GLÂNE Tour du Sauvage

Une parenthèse d’intimité

Jadis tour de guet, aujourd’hui point de ralliement des esthètes, la Tour du Sauvage enchaîne chaque été expositions et soirées. Fabienne Porchet et Madeleine Fasel-Eggs orchestrent depuis quinze ans cette ronde effrénée.

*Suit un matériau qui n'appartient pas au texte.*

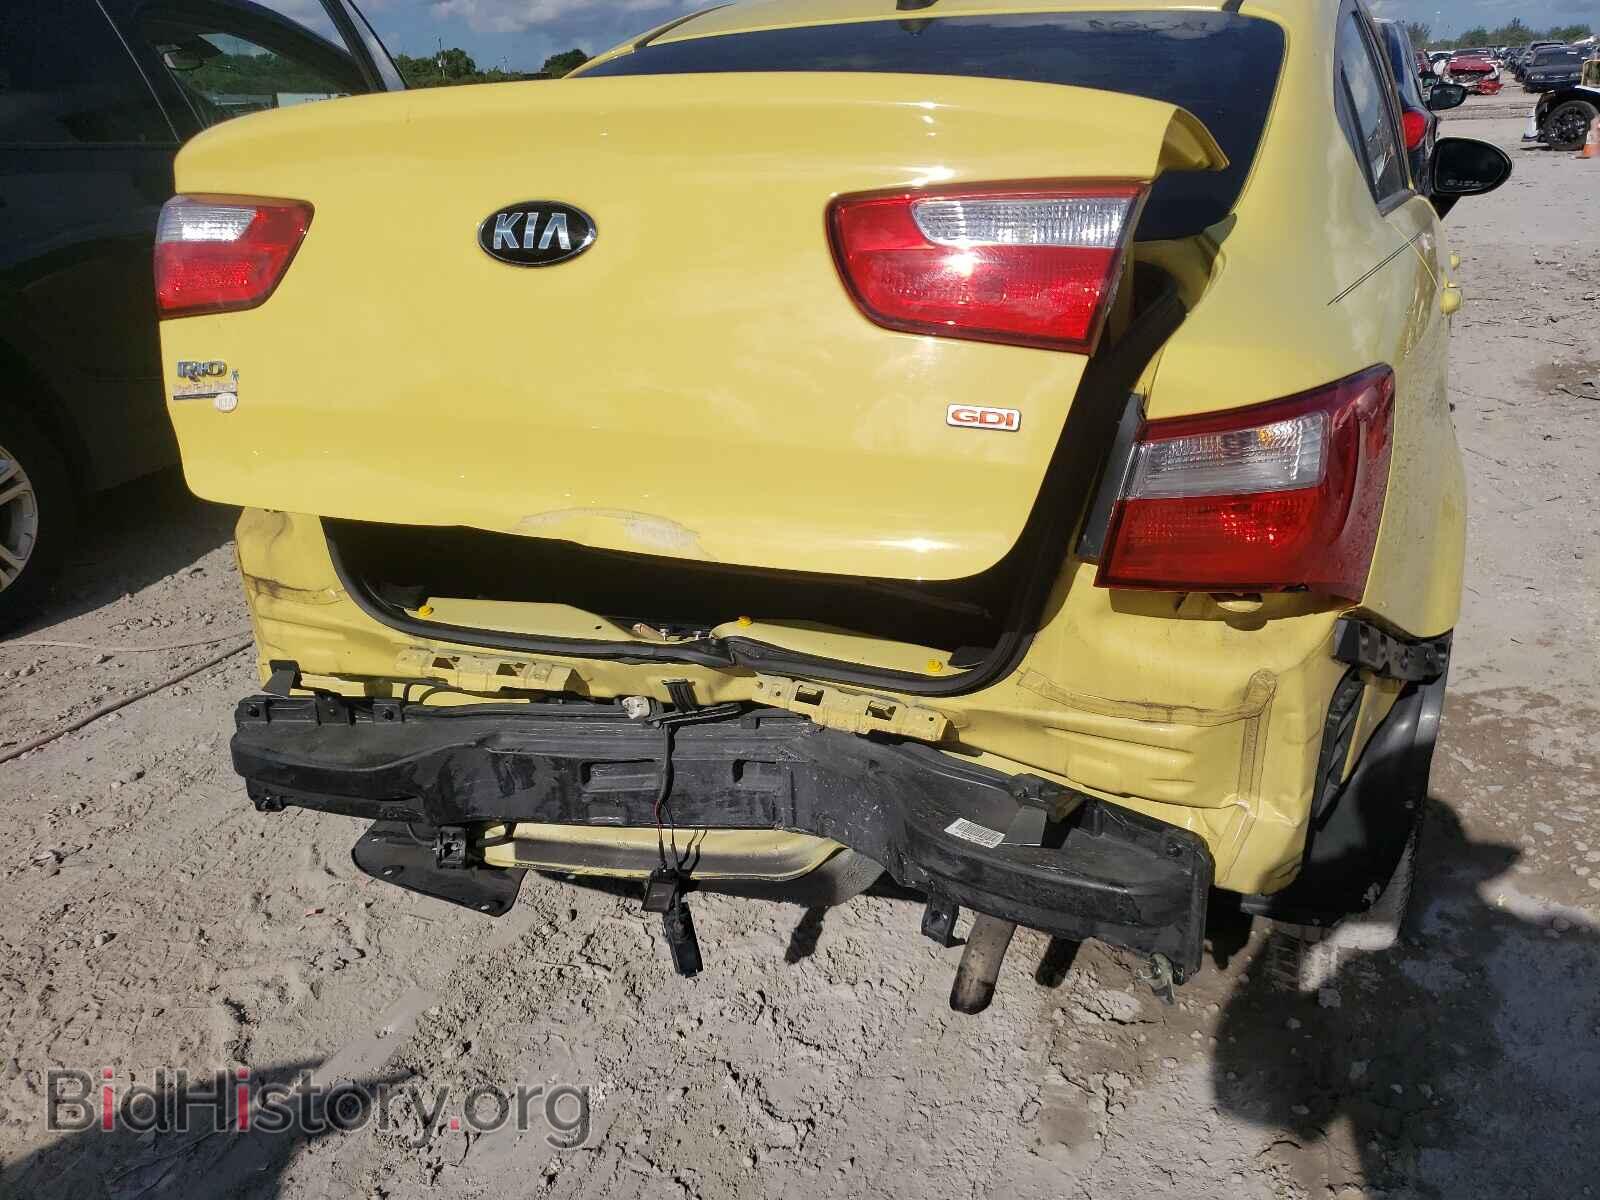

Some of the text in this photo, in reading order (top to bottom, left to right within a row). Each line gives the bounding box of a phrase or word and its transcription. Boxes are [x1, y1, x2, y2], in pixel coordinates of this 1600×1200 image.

Pour Fabienne Porchet et Madeleine Fasel-Eggs, la Tour du Sauvage permet de découvrir à la fois des artistes et le bâti médiéval

Avec ses neuf soirées du jeudi et ses onze semaines d’expositions estivales (le tout gratuit), la Tour du Sauvage de Romont s’est forgé une petite réputation depuis son ouverture au public, en 1989. A mi-parcours, la quinzième saison ne dément pas ce succès: entre 200 et 400 visiteurs se pressent chaque semaine sous les poutres de l’édifice, qui peine parfois à contenir son public du jeudi soir – une cinquantaine d’amateurs, l’excédant débordant sur la promenade des remparts. De la mi-juin à la mi-septembre (et de juillet à août pour les jeudis), on se presse en Romontois fidèle, en touriste ou en invité, mais toujours avec une pointe de curiosité.
Derrière cet engouement, deux femmes: Fabienne Porchet et Madeleine Fasel-Eggs, les deux sourires de l’Office du tourisme romontois. «Contrairement aux premières années, la plupart des artistes s’annoncent aujourd’hui spontanément et les semaines sont réservées une année à l’avance», explique Fabienne Porchet. La programmatrice privilégie les créateurs débutants, les œuvres novatrices et contemporaines, ni trop classiques, ni trop expérimentales. A son crédit, quelques découvertes, comme le peintre José Roosevelt ou le duo Jaël, qui reviendra, connu, le 21 août prochain. Et surtout un statut de référence auprès des galeristes, qui contactent souvent les artistes passés à Romont.
La philosophie de la maison, c’est aussi la diversité. La Tour reçoit des peintres et des musiciens, ainsi que des photographes, des céramistes ou des conteurs. «En limitant la durée d’exposition à une semaine, on relance aussi l’intérêt du public, précise Madeleine Fasel-Eggs. Et cela permet aux artistes et artisans de rester présents à leur exposition sans perdre leur enthousiasme!»
Car les exposants sont avant tout chez eux. «Ils doivent s’approprier la Tour, qui vit chaque fois différemment. Certains ont mis leurs œuvres en scène par le biais de jeux de miroirs, de labyrinthes ou de matelas à ressorts. Le décor est souvent surprenant.» Typé et restreint, malgré ses deux étages, le cadre est forcément intimiste. On s’attarde volontiers auprès de l’artiste, on échange – même avec les écrivains, lors des soirées de lectures instaurées dès 1994 avec l’éditeur Bernard Campiche. «C’est une particularité de la Tour, relève Fabienne Porchet. La proximité déclenche presque toujours quelque chose, un partage.»

Tour des détours
Le budget du duo? 5000 francs, alimenté par l’Office du tourisme, les commerçants de la ville et les forfaits versés par les exposants (50 fr.). «Nous ne prélevons aucun pourcentage sur les ventes», signale Madeleine Fasel-Eggs, en précisant que la charge du vernissage et des invitations incombe aux exposants. C’est que la Tour n’a pas de vocation lucrative: tremplin pour les créateurs, elle doit aussi promouvoir Romont en invitant les visiteurs à circuler dans la ville et mettre en valeur son bâti médiéval.